Intrusion Tolerant System Architecture

Byoung Joon Min : Department of Computer Engineering, University of Incheon, Incheon 402-749, Korea. (TEL) +82-32-770-8497 (FAX) +82-32-766-6894 (E-Mail) bjmin@incheon.ac.kr

Sung Won Sohn : Information Security Research Division, Electronics and Telecommunications Research Institute, Daejeon 305-350, Korea. (TEL) +82-42-860-1900, (FAX) +82-42-860-5611, (E-Mail) swsohn@etri.re.kr

Abstract

In many mission-critical applications, important services should be maintained properly under any circumstances including the presence of compromised components caused by intentional attacks. An architecture adopting diverse redundant computing nodes with cooperative security management is proposed. At intra-node level, by means of dynamic resource reallocation within a computing node, the critical services previously selected are to survive even after the occurrence of an attack. If it becomes impossible to find enough resources for the services within the node in spite of the adaptive actions taken, it moves to inter-node level. The inter-node level mechanism is to deliver the intended services transparently to the clients even when a node fails by means of inter-node resource reallocation. An architecture adopting diverse redundant computing nodes is proposed for that purpose. We also propose a cooperative management method to increase the service survivability in a large-scale networked information system. The system is composed of multiple domains and there exists a domain manager in each domain, which is responsible to monitor network traffics and control resource usage in the domain.
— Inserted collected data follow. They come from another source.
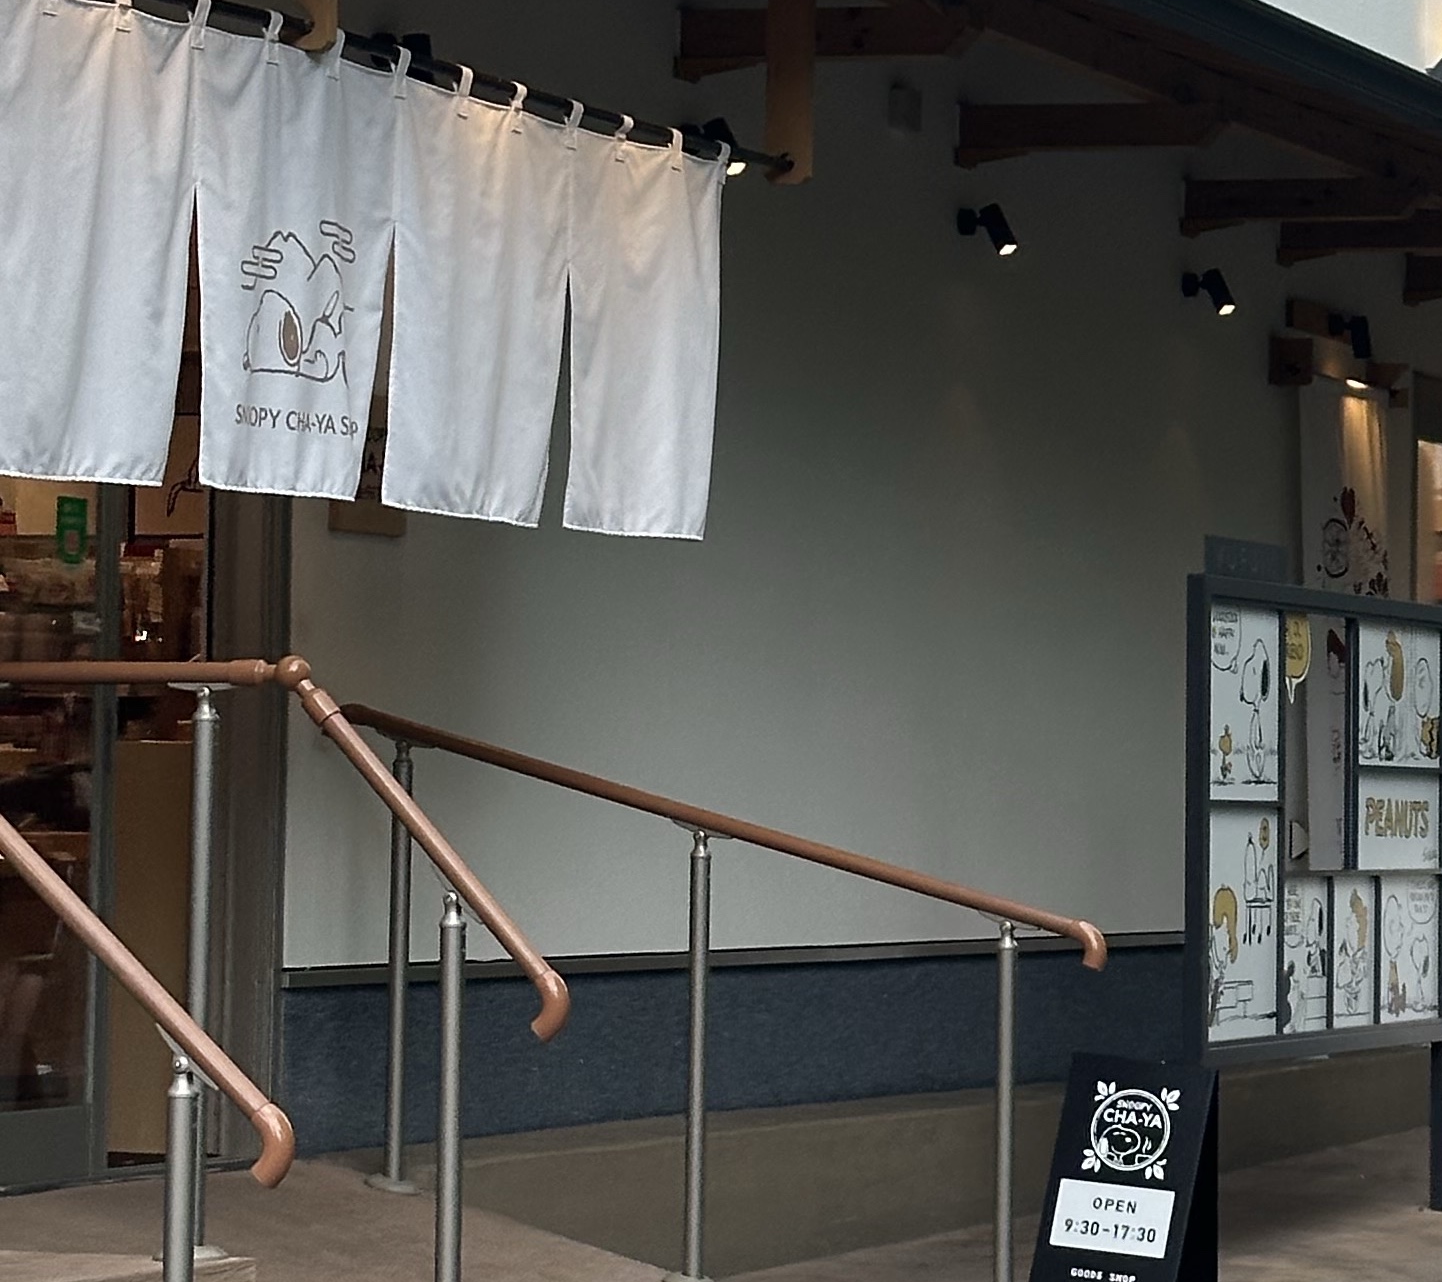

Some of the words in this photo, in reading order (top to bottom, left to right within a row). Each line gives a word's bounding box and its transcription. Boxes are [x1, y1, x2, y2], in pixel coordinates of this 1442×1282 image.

[1364, 797, 1429, 839] PEANUTS
[1103, 1108, 1163, 1129] CHA-YA
[1092, 1197, 1137, 1214] OPEN
[1070, 1268, 1103, 1281] GOODS
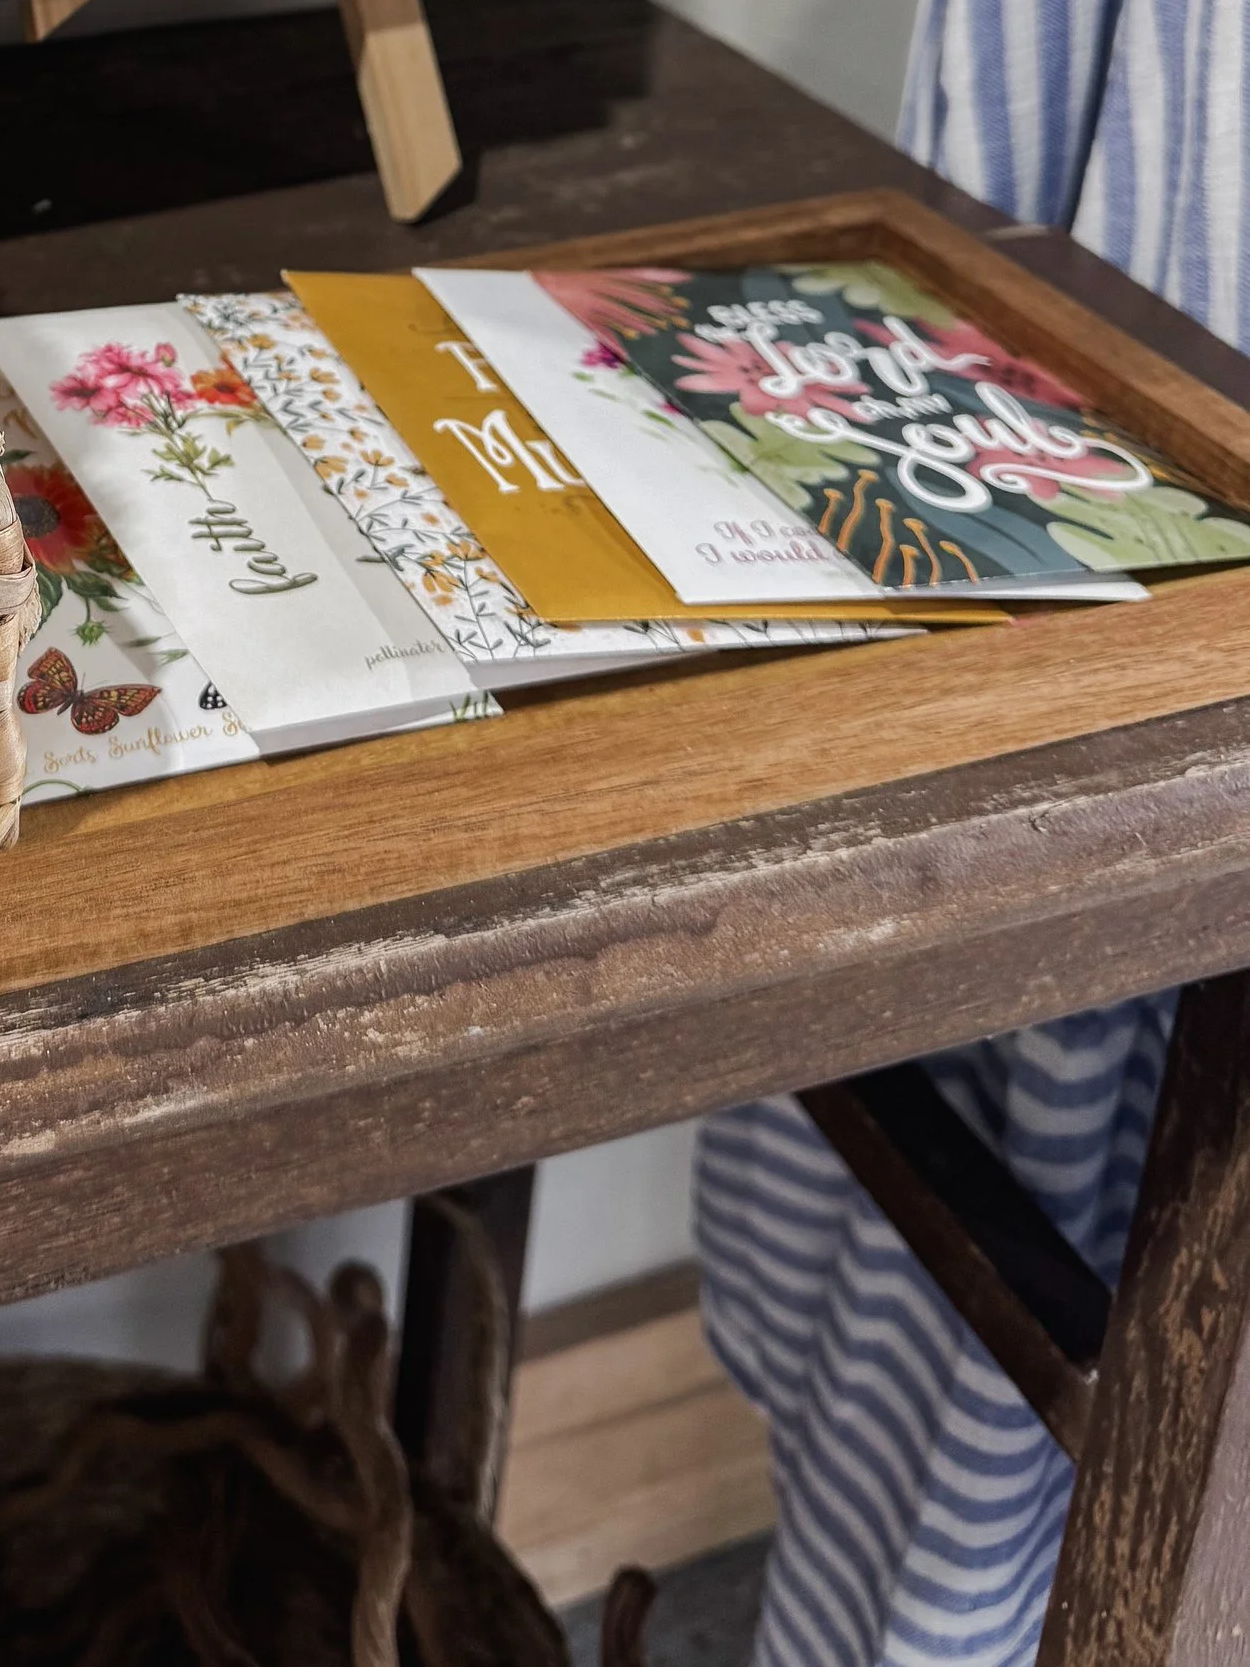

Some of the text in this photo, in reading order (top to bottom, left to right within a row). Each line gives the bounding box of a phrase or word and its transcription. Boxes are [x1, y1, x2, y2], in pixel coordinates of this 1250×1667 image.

Though the experiment on a test-bed, the proposed architecture was verified to be able to maintain high survivability in a cost-effect manner even when DDoS(Distributed Denial of Service) attacks exist.

Short Biography

Byoung Joon Min : He received the PhD degree in Electrical and Computer Engineering from the University of California, Irvine in 1991. He is currently a professor at the University of Incheon, Korea. Before joining the university in 1995, he was a research staff at Samsung Electronics and at Korea Telecom. His research interests include dependable distributed systems, network management, and Security.

Sung Won Sohn : Dr. Sohn is a vice president of Electronics and Telecommunications and Research Institute. He is in charge of Information Security Research Division.